Hence $r = R/H (H - z) = R (1 - z/H)$

Therefore, the equation of the surface of the cone is

$\mathbf{p} = ( R(1 - z/H) \cos t, R(1 - z/H) \sin t, z )$

Now we'll create a path on the cone surface, so $z$ is a function of the angle $t$ .

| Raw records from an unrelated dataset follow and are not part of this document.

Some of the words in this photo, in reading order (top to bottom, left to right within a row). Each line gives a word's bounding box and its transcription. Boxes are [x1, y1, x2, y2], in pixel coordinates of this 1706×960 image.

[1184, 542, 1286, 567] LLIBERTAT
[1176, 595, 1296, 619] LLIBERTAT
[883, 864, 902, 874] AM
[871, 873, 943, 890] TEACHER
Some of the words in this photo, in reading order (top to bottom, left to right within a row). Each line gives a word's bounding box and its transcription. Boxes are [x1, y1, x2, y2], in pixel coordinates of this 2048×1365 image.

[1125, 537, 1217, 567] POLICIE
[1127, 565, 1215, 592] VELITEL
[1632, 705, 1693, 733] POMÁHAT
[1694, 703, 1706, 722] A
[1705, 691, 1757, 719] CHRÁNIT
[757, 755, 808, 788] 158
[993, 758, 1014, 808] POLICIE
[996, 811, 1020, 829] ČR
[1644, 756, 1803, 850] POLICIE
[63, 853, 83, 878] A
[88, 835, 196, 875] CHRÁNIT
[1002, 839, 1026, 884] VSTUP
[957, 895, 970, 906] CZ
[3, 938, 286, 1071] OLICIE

The only constraint we have is that the angle between the tangent vector to the track and the z-axis is equal to $a_0$ , where $a_0 = 90^{\circ} - 10^{\circ} = 80^{\circ}$ . Differentiating the position vector $\mathbf{p}$ with respect to the polar angle $t$ , we get,

$\dfrac{d \mathbf{p}}{dt} = \dot{\mathbf{p}} = ( -R/H \dot{z} \cos t - R(1 - z/H) \sin t, -R/H \dot{z} \sin t + R(1 - z/H) \cos t, \dot{z} )$

where $\dot{z} = \dfrac{dz}{dt}$ ; then, using the dot product with the $z$ unit vector, the angle that the tangent vector (which is $\dot{\mathbf{p}}$ ) makes with the $z$ -axis is $\psi$ , where

$\cos \psi = \cos a_0 = \dfrac{ \dot{z} }{ \sqrt{ {\dot{z}}^2 ( (R/H)^2 + 1 ) + R^2 (1 - z/H)^2 } }$

this determines $\dot{z}$ in terms of $z, t$ . Namely, by squaring and cross multiplying,

$\cos^2 a_0 . { {\dot{z}}^2 (1 + (R/H)^2 ) + R^2 (1 - z/H)^2 } = {\dot{z}}^2$

Solving for $\dot{z}$ , one obtains,

${\dot{z}}^2 ( 1 - \cos^2 a_0 (1 + (R/H)^2 ) ) = \cos^2 a_0 R^2 (1 - z/H)^2$

so that,

$\dot{z} = k_0 R (1 - z/H)$

where $k_0 = \cos a_0 / (1 - \cos^2 a_0 (1 + (R/H)^2) )^{(1/2)}$

We can now solve for $z(t)$ , by separating the variables $z$ and $t$ . We have,

$\dfrac{dz}{(1 - z/H)} = k_0 R dt$

Integrating from $z = 0$ to $z$ , and $t = 0$ to $t$

$- H \ln(1 - z/H) = k_0 R t$

so that,

$1 - z/H = e^{- k_0 (R/H) t }$

and finally,

$z = H (1 - e^{- k_0 (R/H) t} )$

Now, the length of the path is given by,

$L = \displaystyle \int_{t = 0}^{\infty} | \dot{\mathbf{p}} | dt$

$= \displaystyle \int_{t = 0}^{\infty} \sqrt{ (1 + (R/H)^2 ) . ( k_0 R e^{-k_0 (R/H) t} )^2 + R^2 ( e^{-k_0 (R/h) t} )^2 }$

$= \displaystyle \int_{t = 0}^{\infty} \sqrt{ (1 + (R/H)^2 ) . {k_0}^2 R^2 + R^2 } e^{-k_0 R/H t }$

$= \dfrac{1}{k_0 (R/H) } \sqrt{ (1 + (R/H)^2 ) {k_0}^2 R^2 + R^2 }$

$= \dfrac{H}{ k_0} \sqrt{ (1 + (R/H)^2 ) {k_0}^2 + 1 }$

This, when simplified, turns out to be,

$L = \dfrac{ H }{ \cos a_0 } = \dfrac{50}{ \cos 80^{\circ} } = \dfrac{50}{\sin 10^{\circ} } = 287.9385$